A California court's approval this week of the city of Stockton's bankruptcy protection sets up a battle between Wall Street investors and the state's pension giant, CalPERS, over whether pensions of municipal workers must share the pain.
Stockton, California's 13th largest city, has so far not planned on reducing pension contributions, which CalPERS argues is barred by state law.
But bond insurers and investors such as the Franklin California High Yield Municipal Fund, who will be forced to take a haircut, argue that federal bankruptcy laws trump state laws and that CalPERS and city employees must share in the plan to resolve Stockton's debts.
How much protection the law affords pensioners remains to be seen as the case advances through the court system. But for a broader look at the municipal finance crisis affecting California and the nation, AdvisorOne spoke with Bill Watkins, a veteran economic forecaster specializing in the U.S., California and Oregon economies, and executive director of the Center for Economic Research and Forecasting (CERF). The institution is based at California Lutheran University in Thousand Oaks, Calif.
AdvisorOne: What has caused Stockton's crisis?
Watkins: The proximate cause was the crash of the housing market and fall-off of revenue. That was preceded by aggressive spending by the city and the pension problems that most cities across California face.
Are pension payouts indeed contractual and unalterable?
It looks like CalPERS won the first round. [Editor's note: The federal bankruptcy judge ruled a decision on that matter would come at a later phase of the city's bankruptcy administration.]
I'd expect the other creditors to push for having CalPERS take a share in the loss. You'd have to talk with a bankruptcy lawyer, but it seems there are all sorts of contracts that are annulled in bankruptcy court.
On what have Stockton and cities like it spent aggressively?

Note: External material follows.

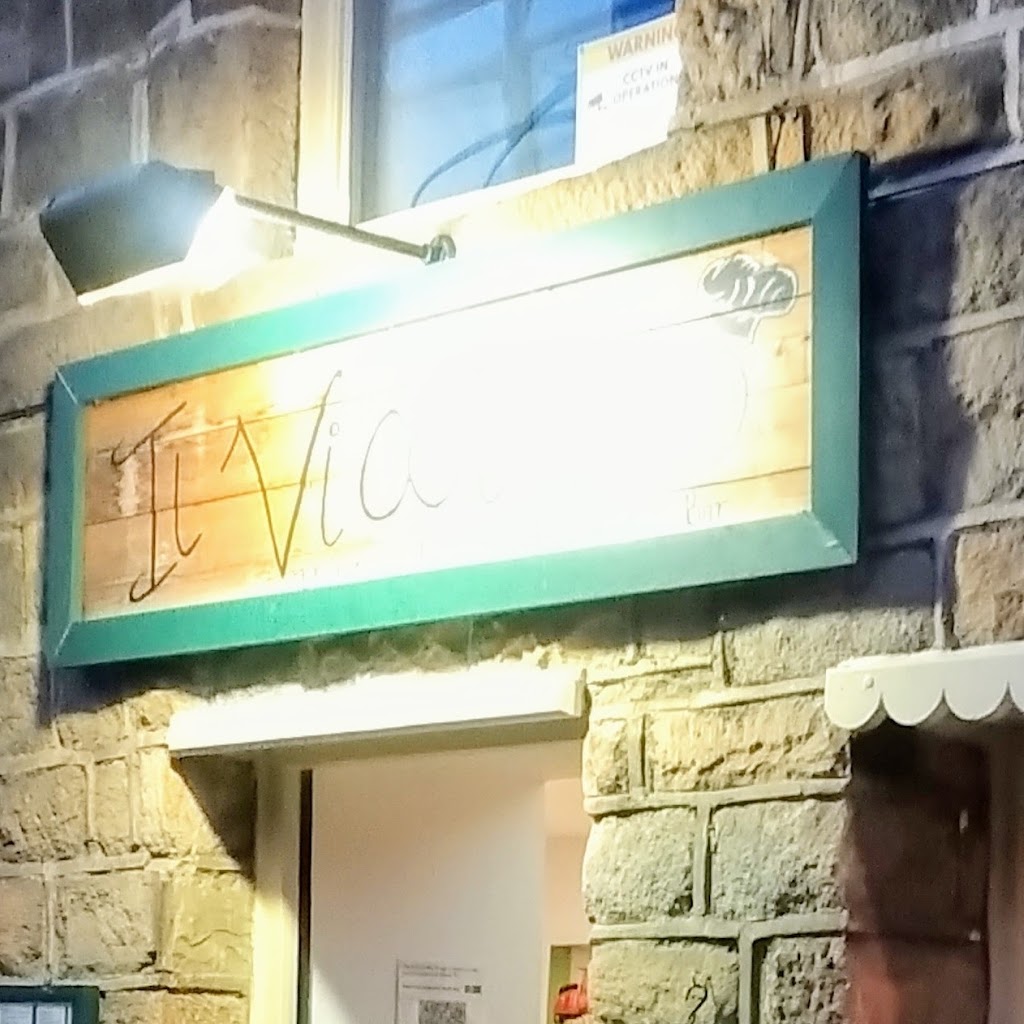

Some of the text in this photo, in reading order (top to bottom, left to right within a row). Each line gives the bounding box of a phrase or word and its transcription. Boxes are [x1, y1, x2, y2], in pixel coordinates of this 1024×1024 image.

[607, 25, 673, 61] WARNIN
[623, 60, 668, 85] CCTV IN

You can't be elected to be a city councilman without the support of police and fire. Police and fire [crews] often have attractive contracts.
What other California municipalities are vulnerable to bankruptcy?
San Bernardino, of course. Fresno is also a possibility. A year ago, even Los Angeles city officials were talking about bankruptcy but stopped doing so before last month's municipal elections.
Every major city in California has challenges, partly because of pensions, and partly because ever since Prop 13 when the state took over redistributing property tax revenues, the state has managed to shove a large part of that to local governments—cities, counties and special districts.
Local governments have seen the biggest decrease in government employees, and this is where most government services are actually delivered.
Are there any positives for California's economy?
California's tech sector is an amazing thing. Right now, if you compare the jobs we have today with what we had before the recession, San Francisco and San Mateo counties have more jobs than before the recession.